Although, most energy transfer on a frost night is vertical, a crop is three-dimensional, and energy can pass horizontally as well as vertically through a crop. Energy transfer through a crop is often depicted using an energy box diagram (Figure 3.4), which represents the volume of air to be heated in frost protection. The energy content of the box in the diagram depends on the sources and losses of energy (Figure 3.4), where most of the energy fluxes can be in either direction. The energy balance for the box is given by:
|
Rn = G + H + LE + F1 + F2 + DS + PR |
W m-2 |
Eq. 3.2 |
where Rn is a positive number when more energy from radiation is received than is emitted and reflected, and it is negative if more radiant energy is lost than gained. The variables G, H and LE are all positive when the energy is exiting from the box and are negative if the energy is entering the box. F1 is horizontal sensible and latent heat flux into the box (a negative number) and F2 is horizontal sensible and latent heat flux out of the box (a positive number). The sum of F1 and F2 is the net difference in horizontal flux of sensible and latent heat. The variable PR is for photosynthesis (a positive number) and respiration (a negative number). However, PR is small and commonly ignored for energy balance calculations. The variable DS is the change in stored energy (sensible heat) within the box, which is positive if the energy content increases (e.g. when the temperature increases) and it is negative when the energy content decreases (e.g. temperature falls).
FIGURE 3.4
A box energy diagram showing possible sources
and losses of energy from a crop represented by the box
The symbols are:
net radiation (Rn),
sensible heat flux (H),
latent heat flux (LE),
soil heat flux or conduction (G),
sensible and latent energy advection in (F1) and out (F2),
and energy storage in the crop (DS)
During a typical radiation frost night, Rn is negative, F1 and F2 sum to near zero, and PR is insignificant. If water is not used for protection and there is no dew or frost formation and minimal evaporation, then LE is insignificant. Both G and H are negative, implying that heat is transferring into the box, but the magnitude of G + H is less than Rn, so DS is negative and the air and crop will cool.
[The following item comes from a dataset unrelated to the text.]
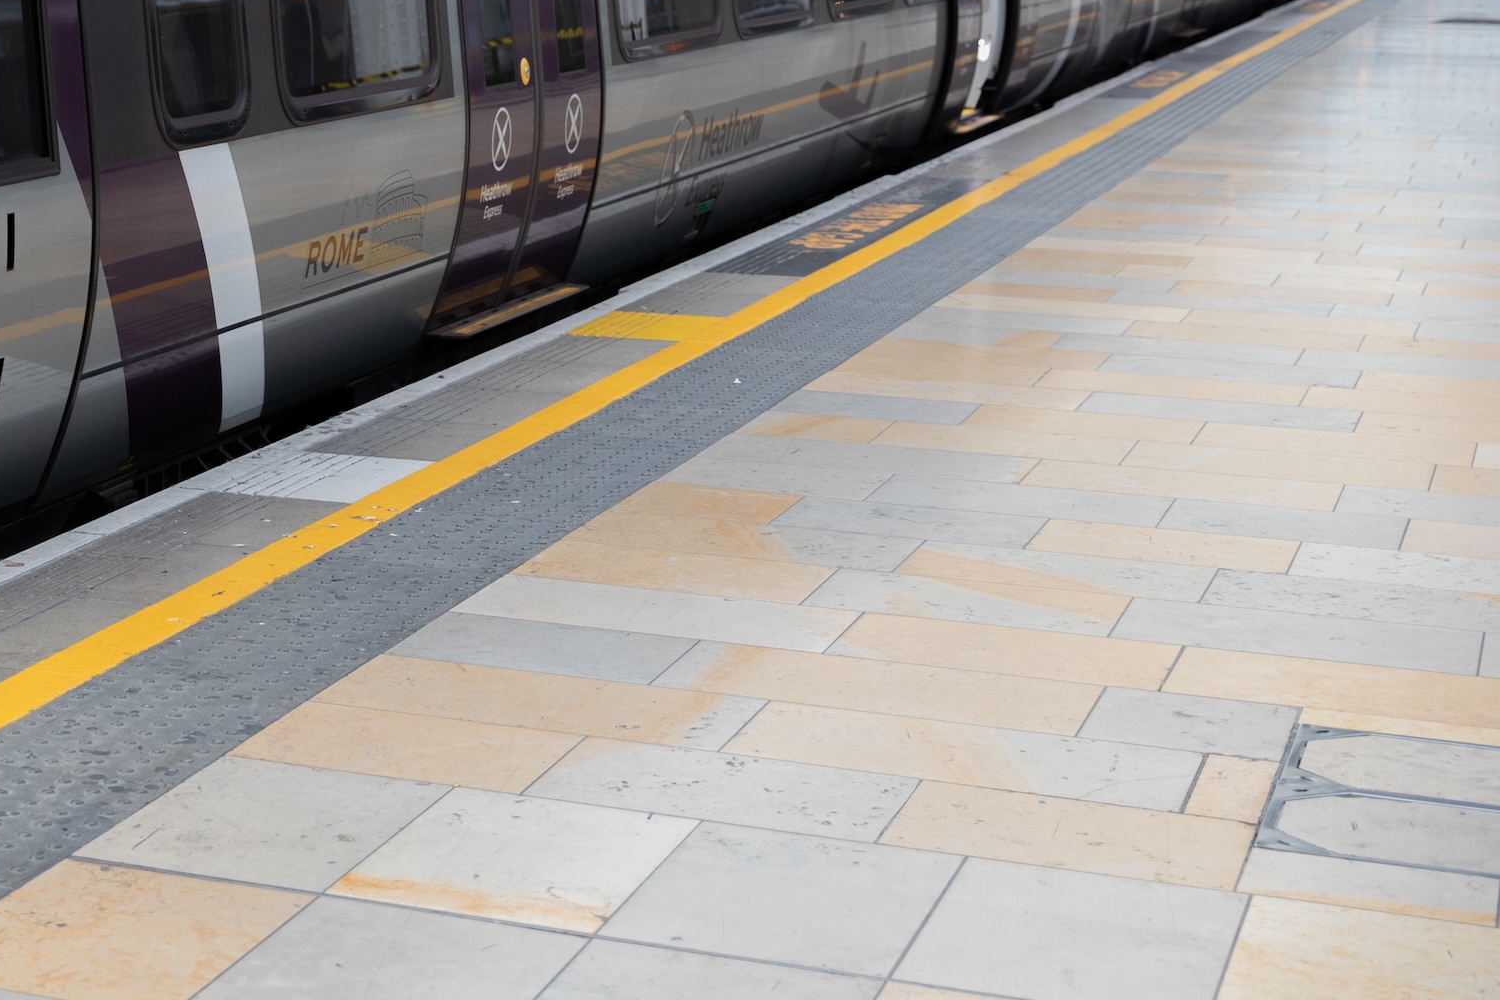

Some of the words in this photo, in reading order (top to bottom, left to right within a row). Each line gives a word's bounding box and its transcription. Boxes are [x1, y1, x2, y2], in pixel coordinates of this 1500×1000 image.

In many active and passive frost protection methods, the goal is to manipulate one or more of the energy balance components to reduce the magnitude of DS. This can be done by improving heat transfer and storage in the soil, which enhances soil heat storage during the day and upward G at night; by using heaters, wind machines or helicopters that increase the magnitude of negative H; by reducing the magnitude of the negative Rn; or by cooling or freezing water, which converts latent to sensible heat and raises the surface temperature. When the surface temperature is raised, the rate of temperature fall decreases. In this chapter, energy balance, radiation, sensible heat flux, soil heat flux or conduction, latent heat flux, humidity and water phase changes are discussed.
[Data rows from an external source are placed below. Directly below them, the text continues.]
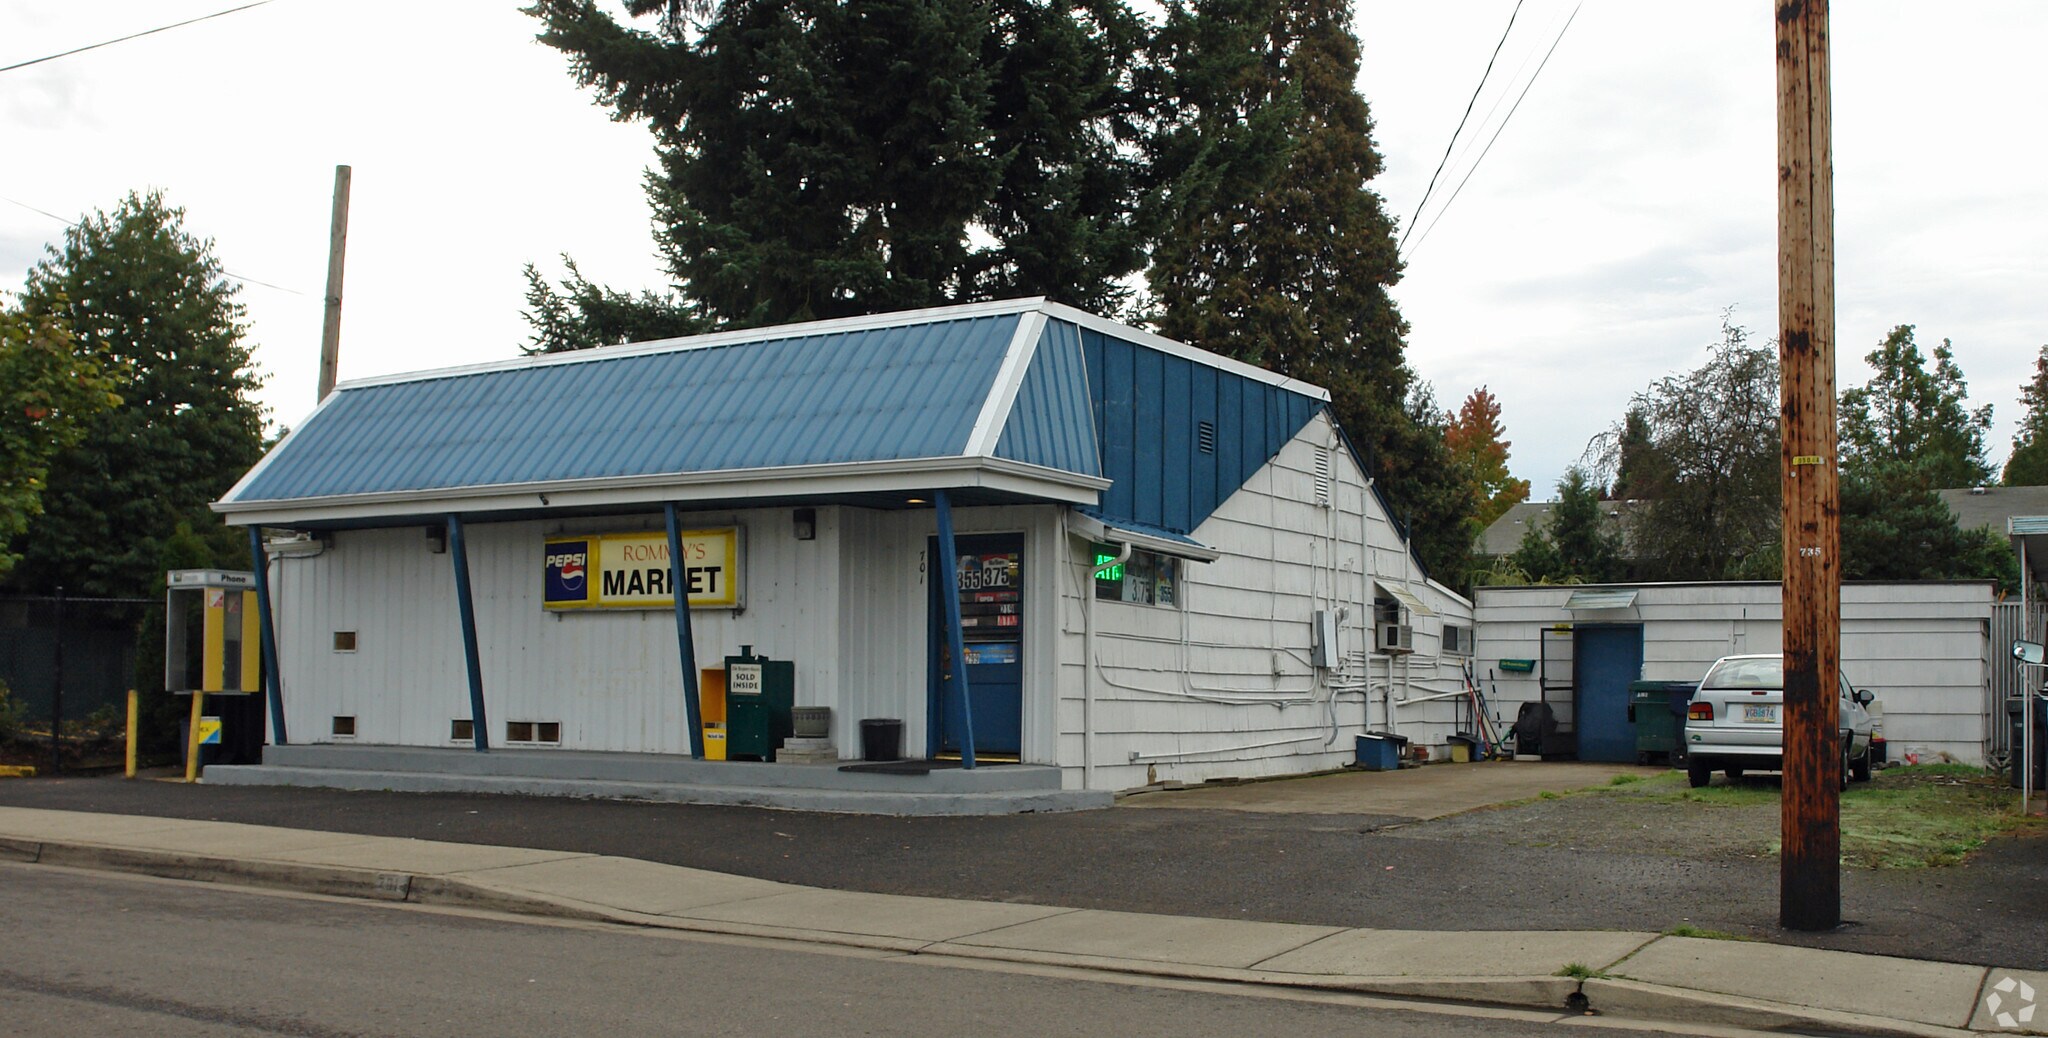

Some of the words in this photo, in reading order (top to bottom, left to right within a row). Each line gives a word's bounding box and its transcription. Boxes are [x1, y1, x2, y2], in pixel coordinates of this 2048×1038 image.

[1799, 547, 1821, 557] 735
[545, 553, 586, 568] PEPSI
[221, 574, 246, 584] Phone
[957, 570, 981, 589] 355
[984, 566, 1009, 586] 375
[736, 673, 755, 681] SOLD
[733, 681, 758, 689] INSIDE
The energy from net radiation can also vaporize water and contribute to latent heat flux density (LE) or evaporation from the surface. Recall that when water is vaporized, sensible heat is converted to latent heat. When water condenses, the process is reversed and latent heat is converted to sensible heat. The E in LE represents the flux density of water molecules (kg s-1 m-2), so E is the mass per unit time passing through a square metre of surface area. The latent heat of vaporization (L) is the amount of energy needed to vaporize a unit mass of water (L » 2.45 × 106 J kg-1). Consequently, the latent heat flux density (LE), like Rn, H and G, has the same units (J s-1 m-2 = W m-2). When water vapour is added to the air (i.e. the flux is upward), it is given a positive sign. When water vapour is removed from the air in a downward flux (i.e. during dew or frost deposition), the sign is negative.
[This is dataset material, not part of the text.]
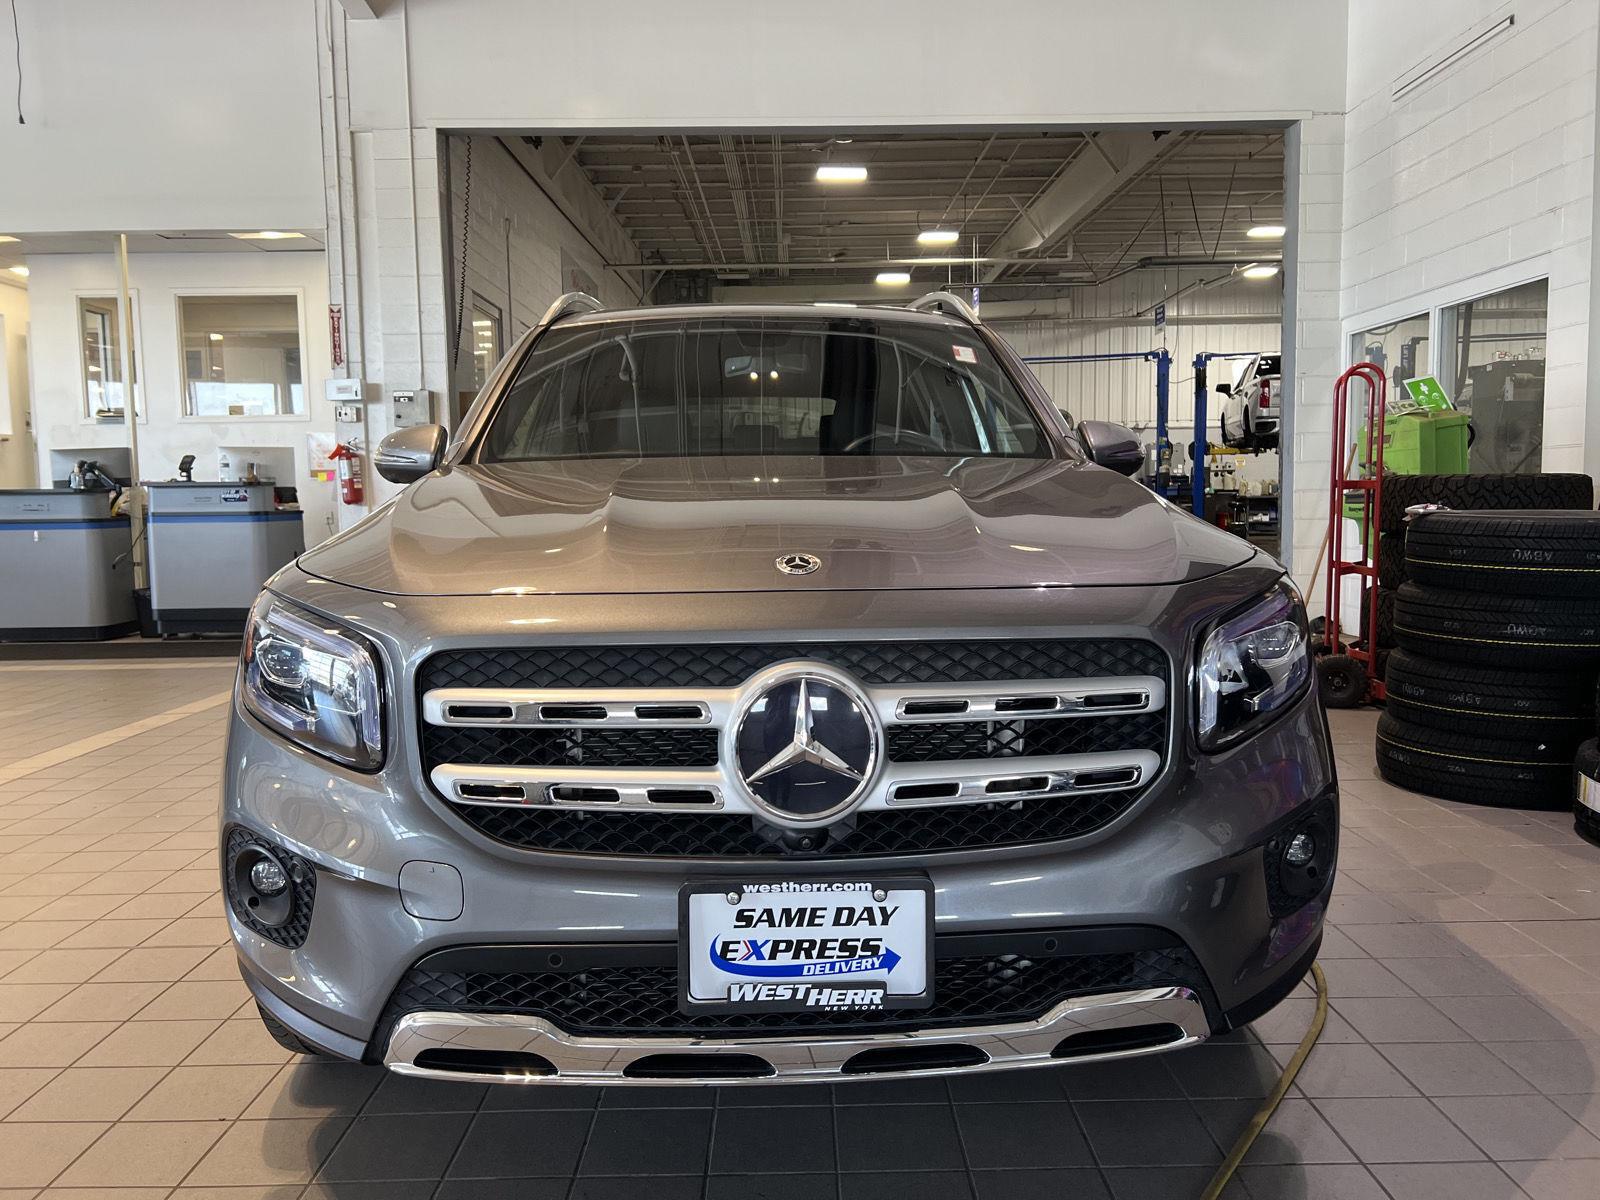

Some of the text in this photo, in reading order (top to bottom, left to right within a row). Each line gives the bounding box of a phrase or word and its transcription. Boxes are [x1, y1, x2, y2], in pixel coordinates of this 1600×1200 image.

In arid climates, during the morning, when the surface temperature is higher than air temperature, it is common for Rm G, H and LE to be positive, with LE considerably less than Rn (Figure 3.5). During the afternoon in arid climates, when the air temperature is higher than surface temperature, it is common for Rn to be positive, G to be small and negative, H to be negative and LE to be similar in magnitude to Rn (Figure 3.6). Note that H is often positive all day in humid climates where there is less horizontal advection of warm air over a cooler crop. During radiation frost conditions without dew or frost formation, typically Rn<0, G<0, H<0 and LE=0 (Figure 3.7). If and when condensation occurs, LE is negative and it supplies additional energy to help replace net radiation losses (Figure 3.8).
During a radiation frost night, there is a net loss of radiation (i.e. Rn < 0). Energy fluxes from the soil and air partially compensate for the energy losses, but as the sensible heat content of the air decreases, the temperature drops. Most active frost protection methods attempt to replace the energy losses with varying degrees of efficiency and cost.
FIGURE 3.5
Mid-morning summer energy balance with
Rn, G, H, and LE
FIGURE 3.7
Pre-dawn radiation frost energy balance
without condensation and with Rn, G and H
FIGURE 3.6
Mid-afternoon summer energy balance with
Rn and LE (+) and G and H
FIGURE 3.8
Pre-dawn radiation frost energy balance with
condensation and Rn, G, H and LE
In addition to sensible heat, air also contains latent heat that is directly related to the water vapour content. Each water molecule consists of one oxygen atom and two hydrogen atoms. However, hydrogen atoms attached to the oxygen atom are also attracted to the oxygen atoms of other water molecules. As more and more water molecules form the hydrogen bonds, they form a crystalline structure and eventually become visible as liquid water. Not all of the molecules are properly lined up to form hydrogen bonds so clumps of joined water molecules can flow past one another as a liquid. When the water freezes, most of the molecules will make hydrogen bonds and will form a crystalline structure (ice).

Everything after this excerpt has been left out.